> [Task item]: Copy out only the span from the line with "Some of the words" to the end of the data, both ends kept, word for word.

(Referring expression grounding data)
[Start of Attachment]

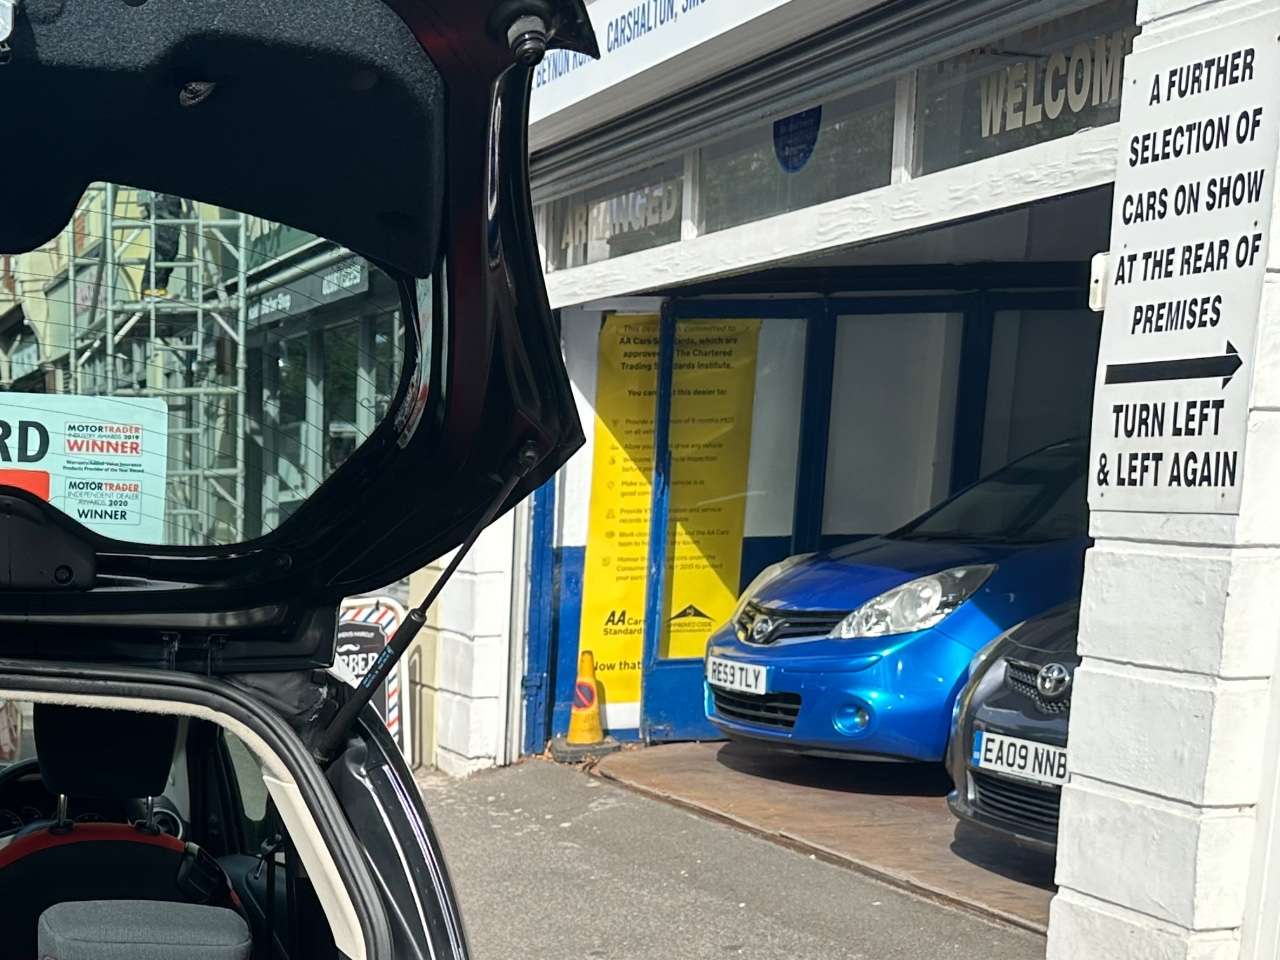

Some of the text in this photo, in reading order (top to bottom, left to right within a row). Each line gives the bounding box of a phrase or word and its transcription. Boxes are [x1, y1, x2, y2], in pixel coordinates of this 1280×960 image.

[607, 0, 677, 53] CARSHALTON,
[980, 33, 1122, 138] WELCOM
[1149, 48, 1255, 106] A FURTHER
[1129, 107, 1263, 167] SELECTION OF
[1122, 169, 1264, 226] CARS ON SHOW
[1114, 233, 1262, 285] AT THE REAR OF
[1131, 295, 1222, 334] PREMISES
[67, 424, 141, 434] MOTORTRADER
[1112, 399, 1225, 438] TURN LEFT
[66, 439, 140, 454] WINNER
[68, 481, 139, 492] MOTORTRADER
[1097, 451, 1238, 487] & LEFT AGAIN
[77, 508, 127, 520] WINNER
[108, 499, 128, 507] 2020
[603, 628, 642, 636] Standard
[605, 610, 641, 626] AA Car
[619, 660, 641, 671] that
[712, 661, 761, 690] RE59 TLY
[983, 737, 1067, 779] EA09 NNB
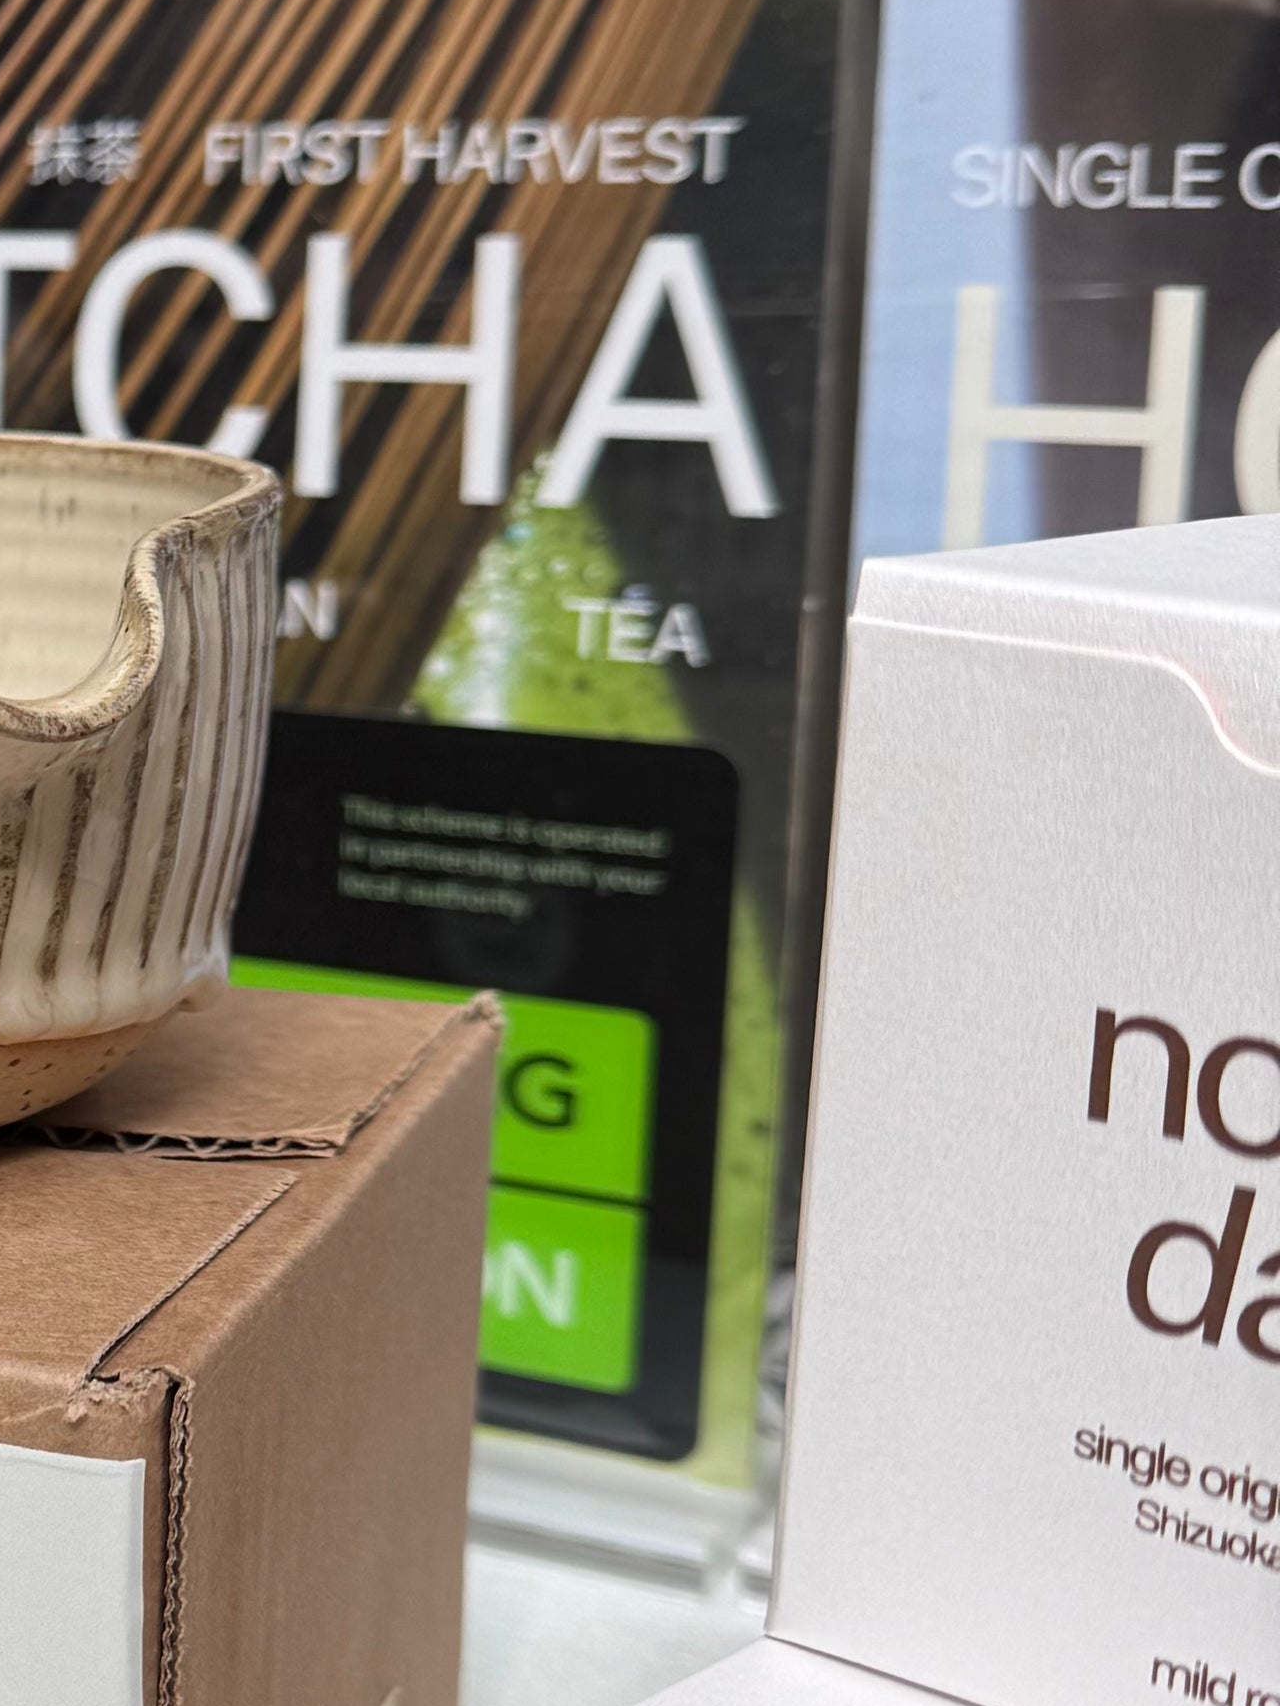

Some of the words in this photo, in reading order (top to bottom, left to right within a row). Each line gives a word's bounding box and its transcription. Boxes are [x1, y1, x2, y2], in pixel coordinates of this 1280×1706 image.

[202, 117, 390, 186] FIRST
[401, 115, 748, 186] HARVEST
[951, 141, 1228, 211] SINGLE
[944, 284, 1280, 551] H
[1074, 1423, 1190, 1487] single
[1199, 1463, 1280, 1523] orig

[End of Attachment]

> [Solution for this exercise]:
Some of the words in this photo, in reading order (top to bottom, left to right within a row). Each line gives a word's bounding box and its transcription. Boxes are [x1, y1, x2, y2], in pixel coordinates of this 1280×1706 image.

[202, 117, 390, 186] FIRST
[401, 115, 748, 186] HARVEST
[951, 141, 1228, 211] SINGLE
[944, 284, 1280, 551] H
[1074, 1423, 1190, 1487] single
[1199, 1463, 1280, 1523] orig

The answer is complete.